Justice for Samuel Faulkner

Chapter:
(p.158) 6 Justice for Samuel Faulkner
Source:
City of Inmates
Author(s):

Kelly Lytle Hernández

Publisher:
University of North Carolina Press
DOI:10.5149/northcarolina/9781469631189.003.0007

The sixth chapter spans the decades between the 1920s and the 1960s. In these years, as Los Angeles took center stage in the nation’s landscape of jails and prisons, the population of African Americans incarcerated in Los Angeles shot from politically irrelevant and slightly disproportionate to politically dominant and stunningly disproportionate.

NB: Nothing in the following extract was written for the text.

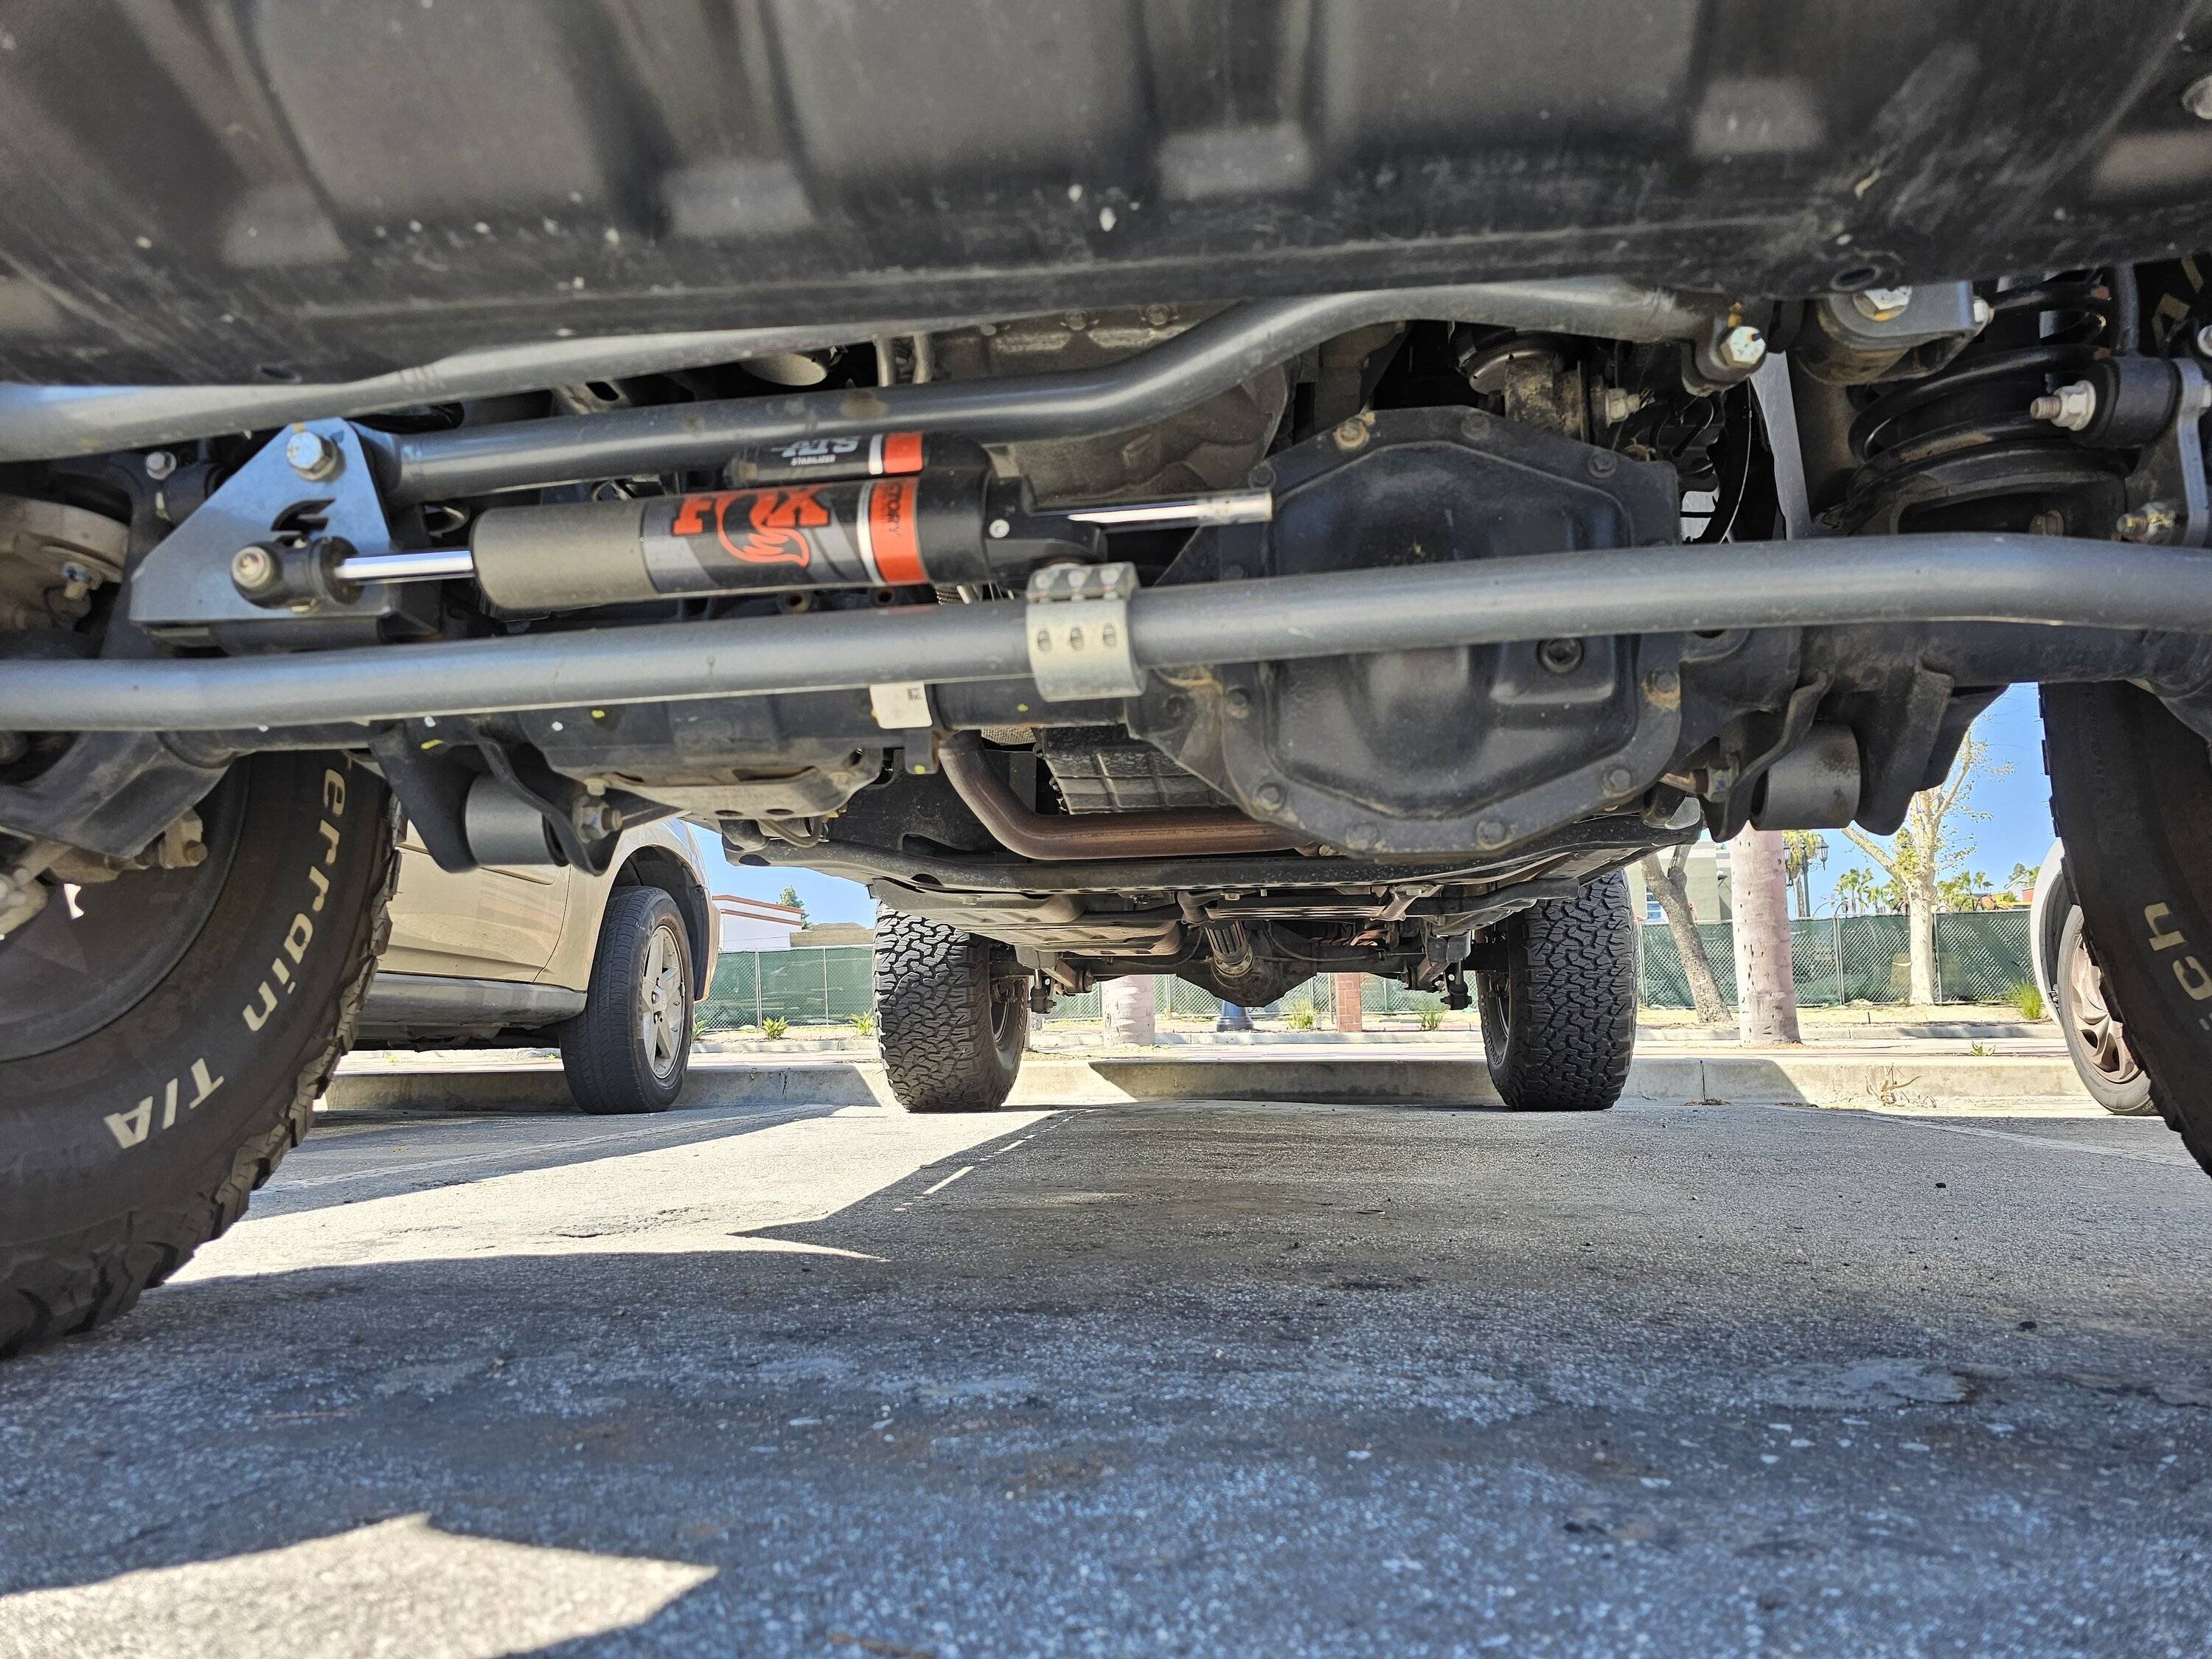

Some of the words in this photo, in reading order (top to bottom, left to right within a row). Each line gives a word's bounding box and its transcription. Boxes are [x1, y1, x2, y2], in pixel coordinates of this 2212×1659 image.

[242, 759, 349, 1032] errain
[2143, 902, 2212, 1031] ch
[103, 1057, 224, 1149] T/A

It has remained so ever since. Chapter 6 tracks the origins of the incarceration of blacks in Los Angeles. In particular, it details why and how black incarceration so disproportionately followed the expansion of L.A.’s African American community. Moreover, by exhuming the first recorded killing of a young black male by the LA PD, which occurred in South Central Los Angeles on the evening of April 24, 1927, this chapter details why and how police brutality so closely accompanied black incarceration in the city. It is a brutal history attended by persistent—and, in time, explosive—black protest, tracking how community members fought police brutality between 1927 and the outbreak of the Watts Rebellion in 1965. Indeed, race, policing, and protest became inextricable as Los Angeles advanced toward becoming the carceral capital of the United States.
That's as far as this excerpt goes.